> _DESCRIPTION OF THE TASK_
Copy out the data word for word, without any of its pictures.

> _SOURCE DATA_
"""

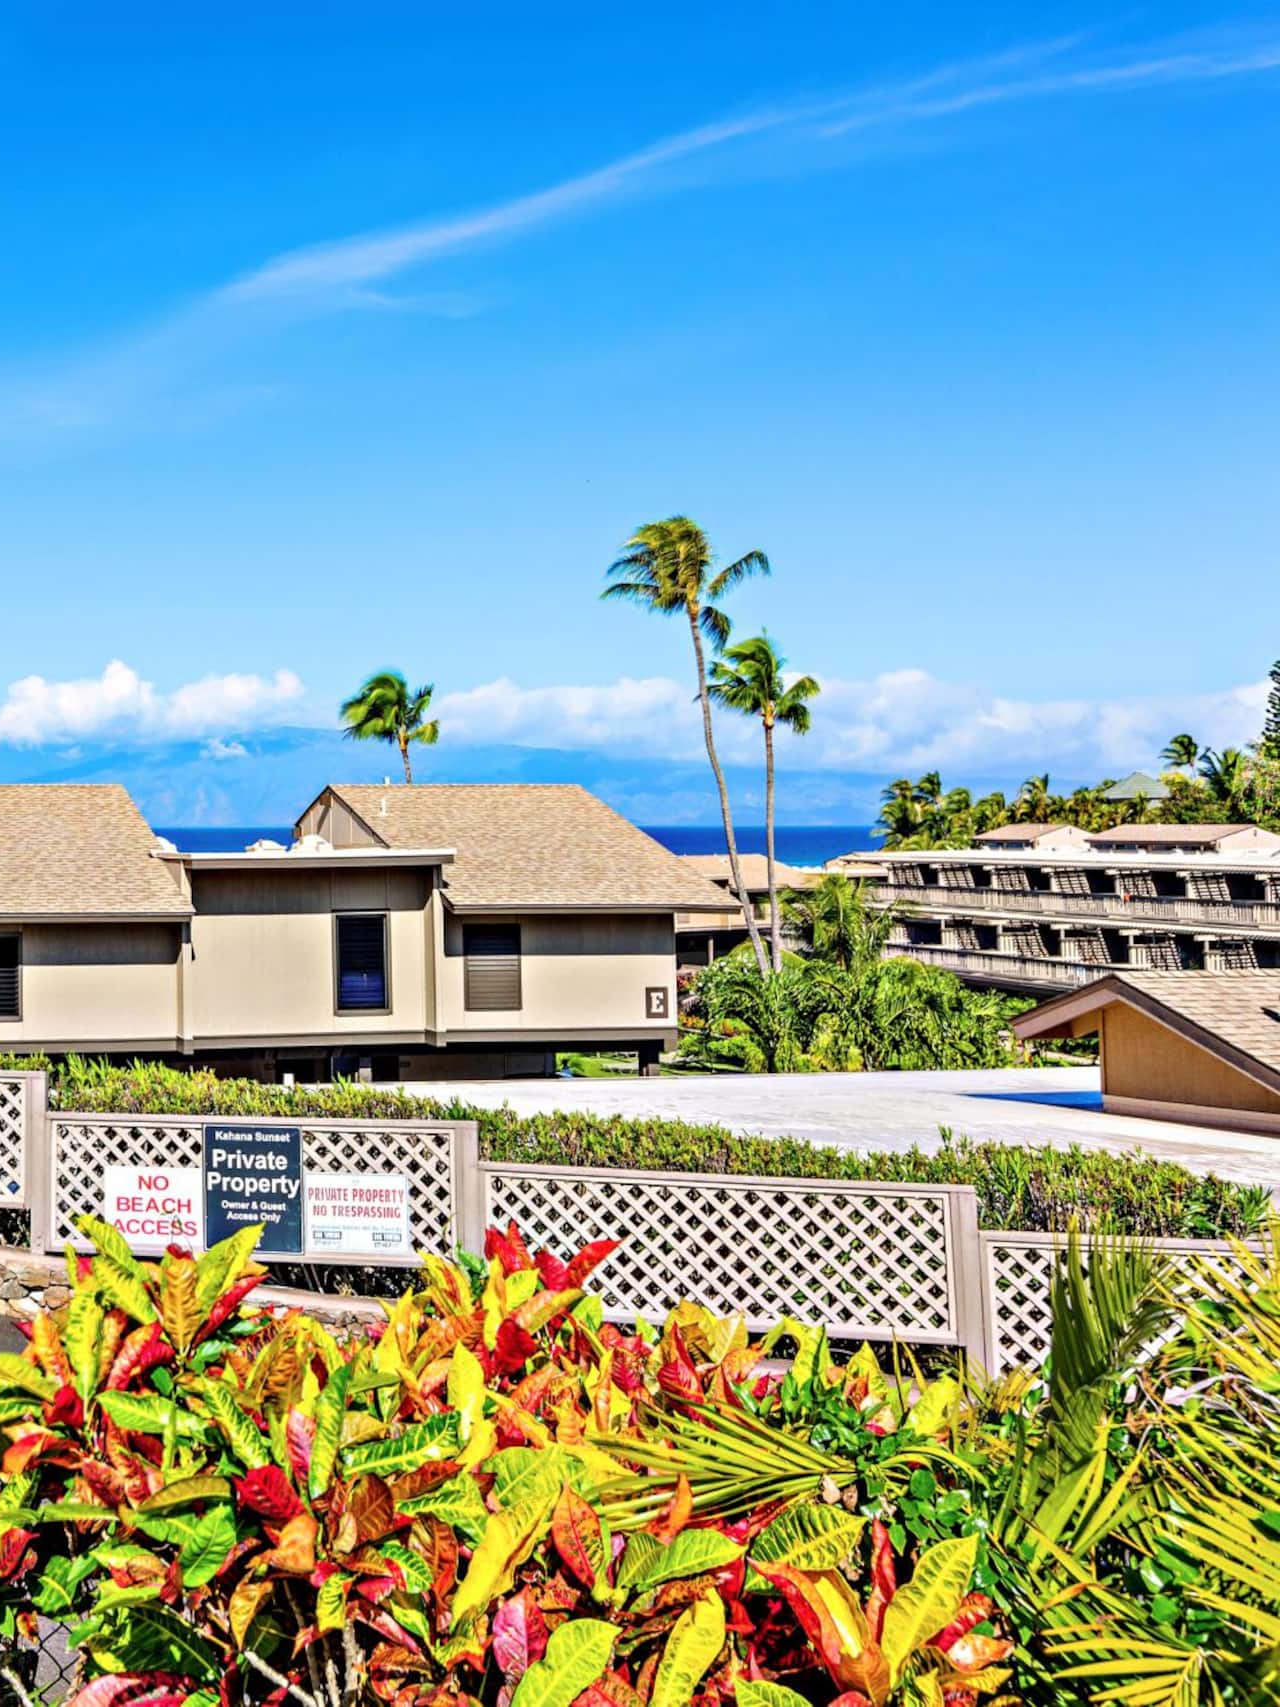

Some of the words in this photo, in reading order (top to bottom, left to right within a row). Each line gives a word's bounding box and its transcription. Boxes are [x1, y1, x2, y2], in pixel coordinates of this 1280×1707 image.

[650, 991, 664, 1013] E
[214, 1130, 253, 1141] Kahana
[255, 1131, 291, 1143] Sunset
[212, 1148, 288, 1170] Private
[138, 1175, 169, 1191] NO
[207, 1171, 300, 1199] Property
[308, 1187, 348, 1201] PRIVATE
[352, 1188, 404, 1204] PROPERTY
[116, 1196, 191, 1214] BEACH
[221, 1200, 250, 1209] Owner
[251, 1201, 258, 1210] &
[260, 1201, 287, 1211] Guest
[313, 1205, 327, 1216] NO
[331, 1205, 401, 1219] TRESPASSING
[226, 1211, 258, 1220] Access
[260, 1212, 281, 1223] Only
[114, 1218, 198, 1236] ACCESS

"""

> _RESULT OF THIS EXERCISE_
Some of the words in this photo, in reading order (top to bottom, left to right within a row). Each line gives a word's bounding box and its transcription. Boxes are [x1, y1, x2, y2], in pixel coordinates of this 1280×1707 image.

[650, 991, 664, 1013] E
[214, 1130, 253, 1141] Kahana
[255, 1131, 291, 1143] Sunset
[212, 1148, 288, 1170] Private
[138, 1175, 169, 1191] NO
[207, 1171, 300, 1199] Property
[308, 1187, 348, 1201] PRIVATE
[352, 1188, 404, 1204] PROPERTY
[116, 1196, 191, 1214] BEACH
[221, 1200, 250, 1209] Owner
[251, 1201, 258, 1210] &
[260, 1201, 287, 1211] Guest
[313, 1205, 327, 1216] NO
[331, 1205, 401, 1219] TRESPASSING
[226, 1211, 258, 1220] Access
[260, 1212, 281, 1223] Only
[114, 1218, 198, 1236] ACCESS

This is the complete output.